START DATASET ENTRIES

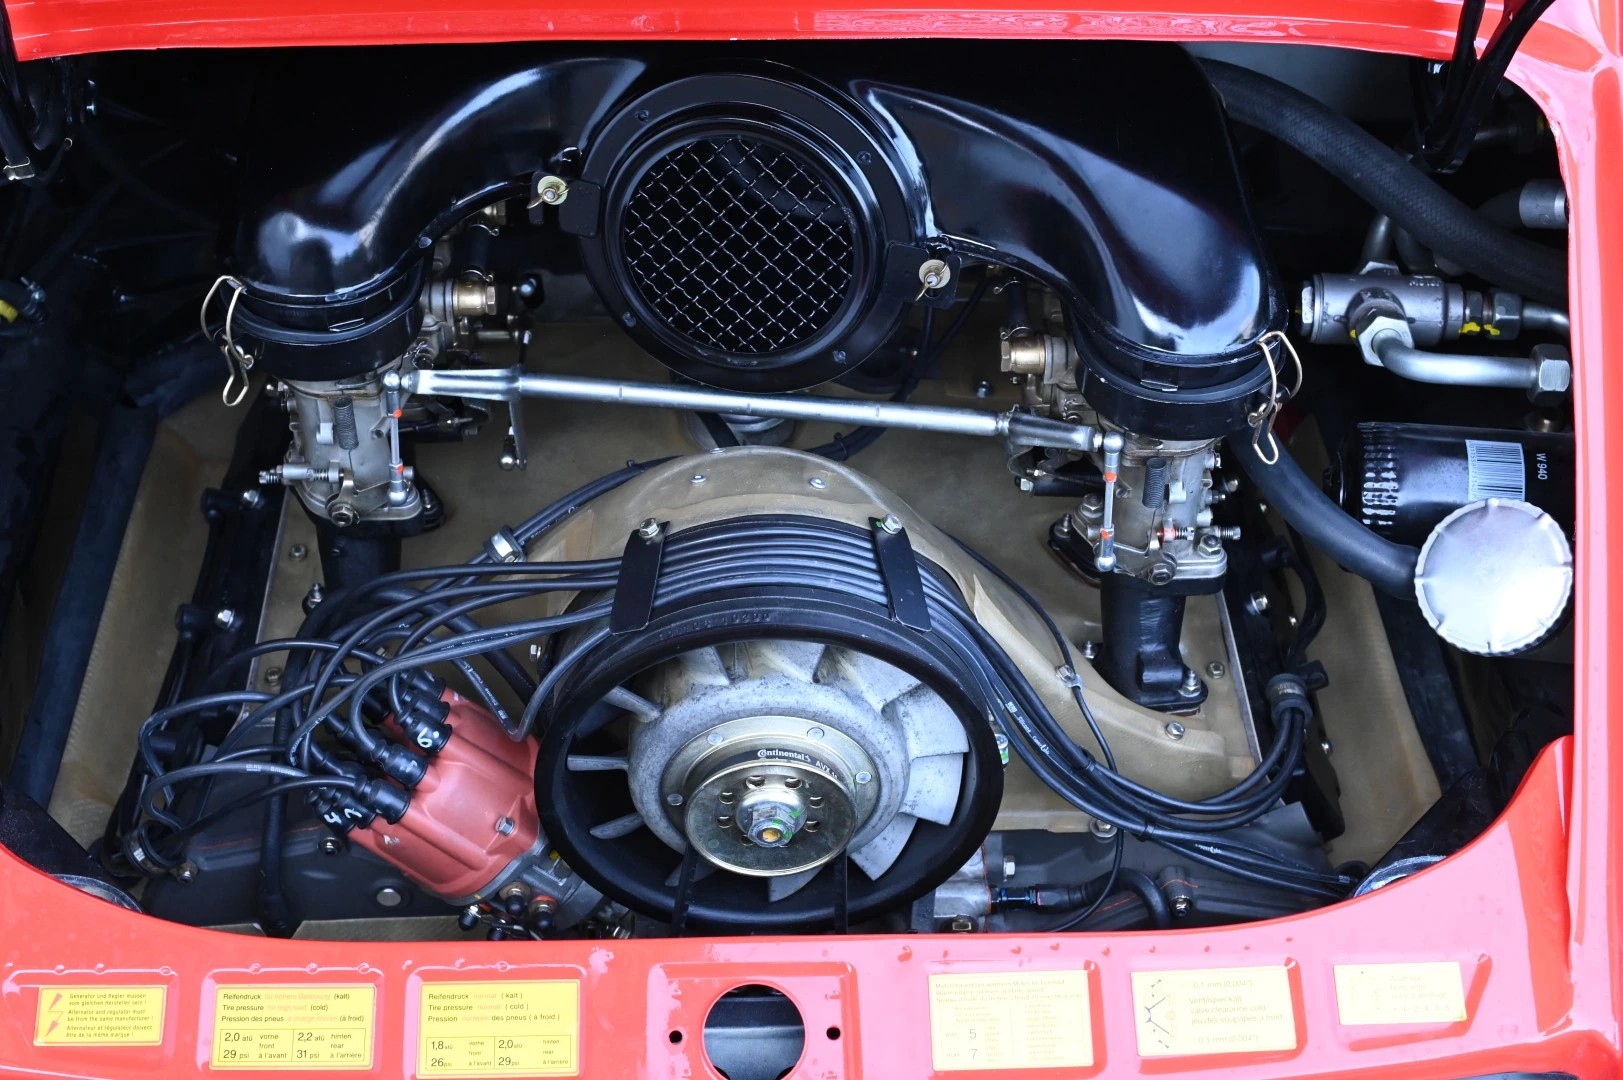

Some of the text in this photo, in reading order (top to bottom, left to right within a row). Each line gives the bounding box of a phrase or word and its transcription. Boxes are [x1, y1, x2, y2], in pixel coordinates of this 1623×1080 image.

[1537, 463, 1548, 480] 940
[224, 1032, 240, 1043] 2,0
[297, 1032, 313, 1042] 2,2
[969, 1028, 977, 1039] 5
[431, 1041, 444, 1051] 1,8
[498, 1039, 514, 1050] 2,0
[223, 1050, 237, 1059] 29
[239, 1052, 250, 1060] psi
[296, 1049, 307, 1059] 31
[309, 1052, 320, 1060] psi
[970, 1048, 978, 1059] 7
[430, 1058, 444, 1067] 26
[498, 1056, 511, 1066] 29
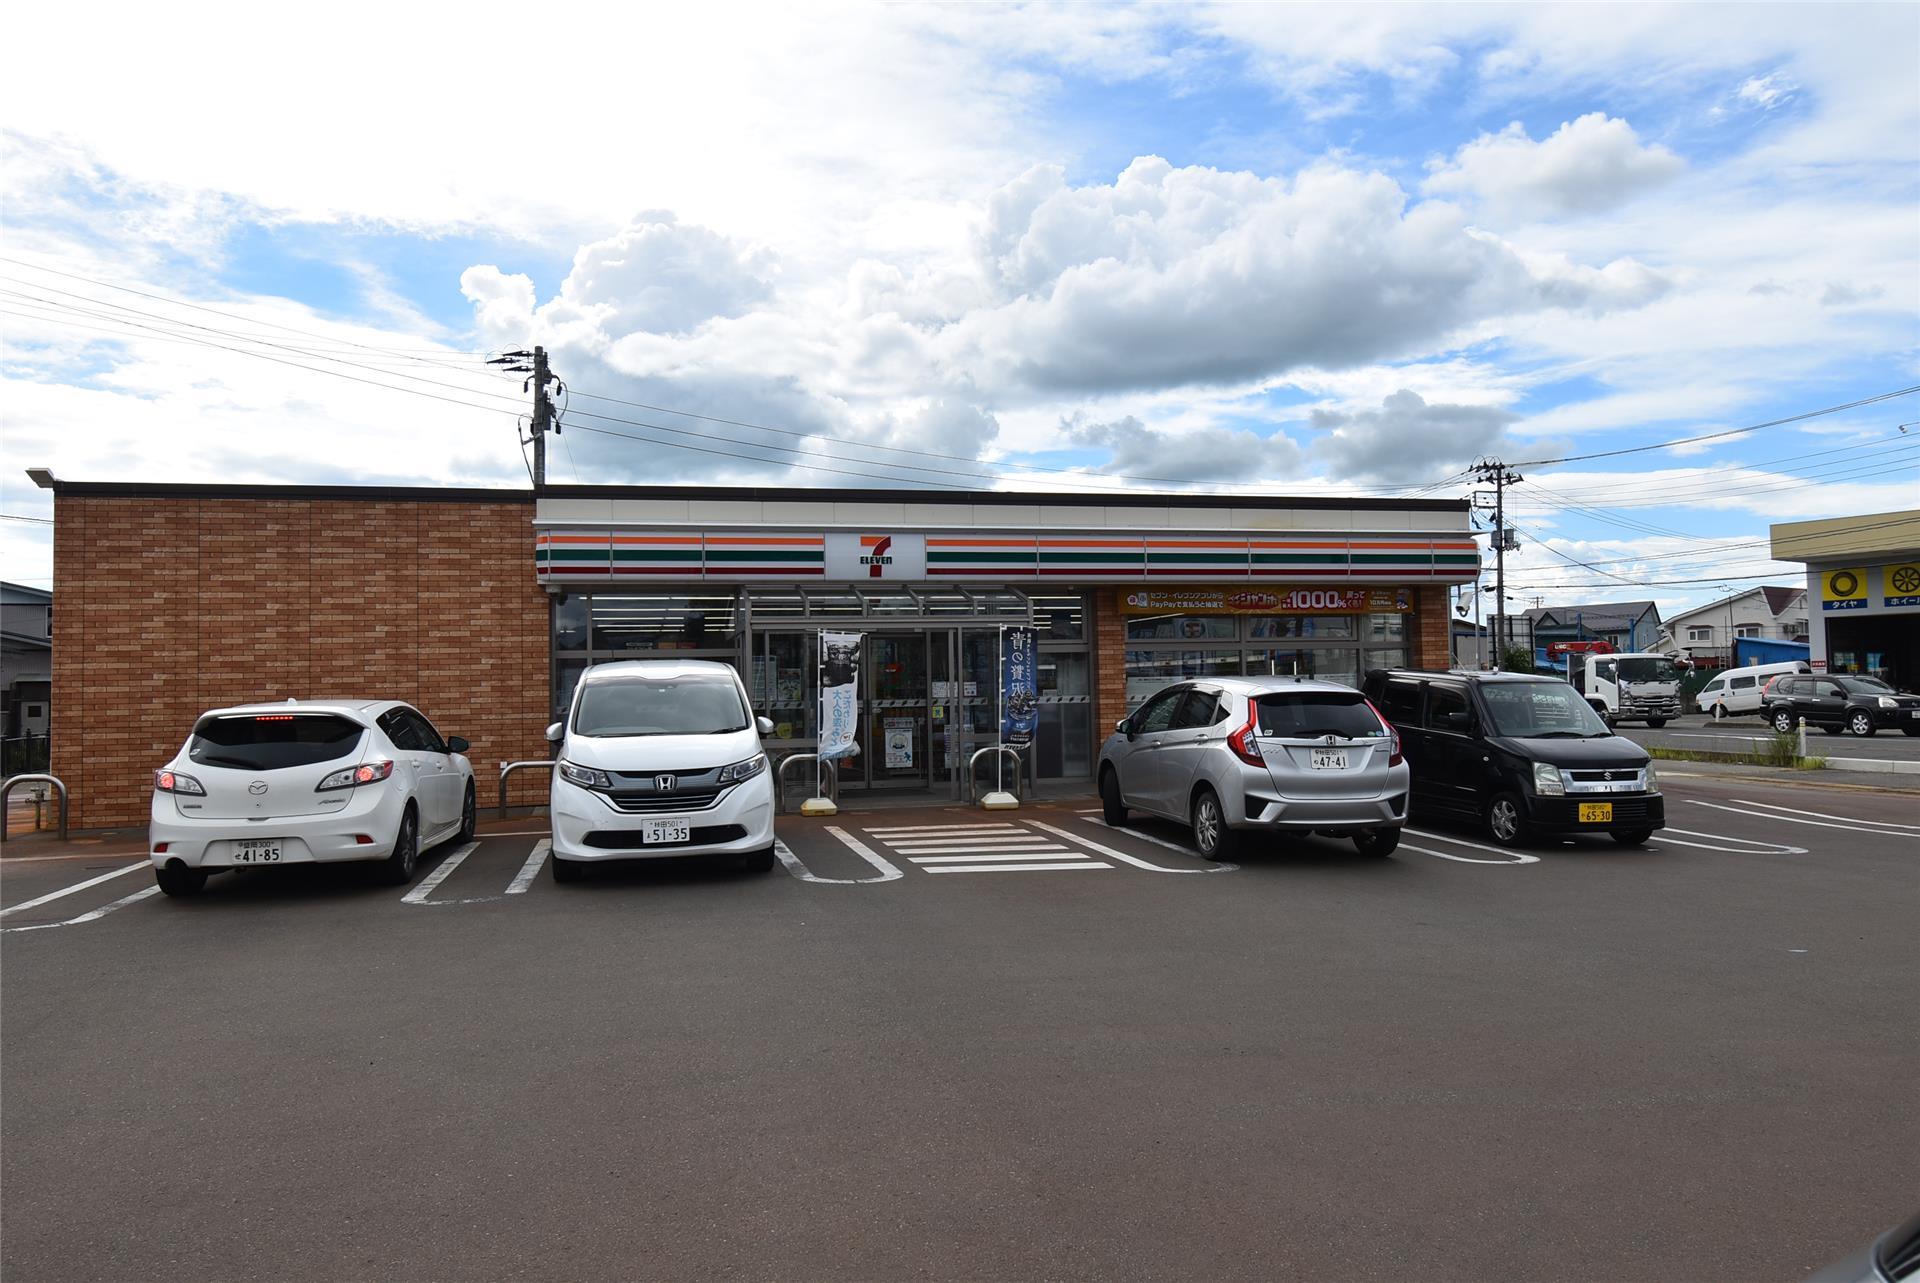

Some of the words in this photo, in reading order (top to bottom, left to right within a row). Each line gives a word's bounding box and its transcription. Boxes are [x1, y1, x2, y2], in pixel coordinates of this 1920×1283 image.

[1832, 600, 1858, 609] タイヤ
[1319, 756, 1346, 767] 47-41
[1586, 810, 1611, 821] 65-30
[653, 827, 687, 841] 51-35
[242, 848, 280, 862] 41-85

END DATASET ENTRIES

◆ EXERCISE PROMPT: What is needed is a word-for-word copy of the data, minus its pictures.

◆ PROBLEM SOLUTION:
Some of the text in this photo, in reading order (top to bottom, left to right within a row). Each line gives the bounding box of a phrase or word and its transcription. Boxes are [x1, y1, x2, y2], in pixel coordinates of this 1623×1080 image.

[1537, 463, 1548, 480] 940
[224, 1032, 240, 1043] 2,0
[297, 1032, 313, 1042] 2,2
[969, 1028, 977, 1039] 5
[431, 1041, 444, 1051] 1,8
[498, 1039, 514, 1050] 2,0
[223, 1050, 237, 1059] 29
[239, 1052, 250, 1060] psi
[296, 1049, 307, 1059] 31
[309, 1052, 320, 1060] psi
[970, 1048, 978, 1059] 7
[430, 1058, 444, 1067] 26
[498, 1056, 511, 1066] 29

Some of the words in this photo, in reading order (top to bottom, left to right within a row). Each line gives a word's bounding box and its transcription. Boxes are [x1, y1, x2, y2], in pixel coordinates of this 1920×1283 image.

[1832, 600, 1858, 609] タイヤ
[1319, 756, 1346, 767] 47-41
[1586, 810, 1611, 821] 65-30
[653, 827, 687, 841] 51-35
[242, 848, 280, 862] 41-85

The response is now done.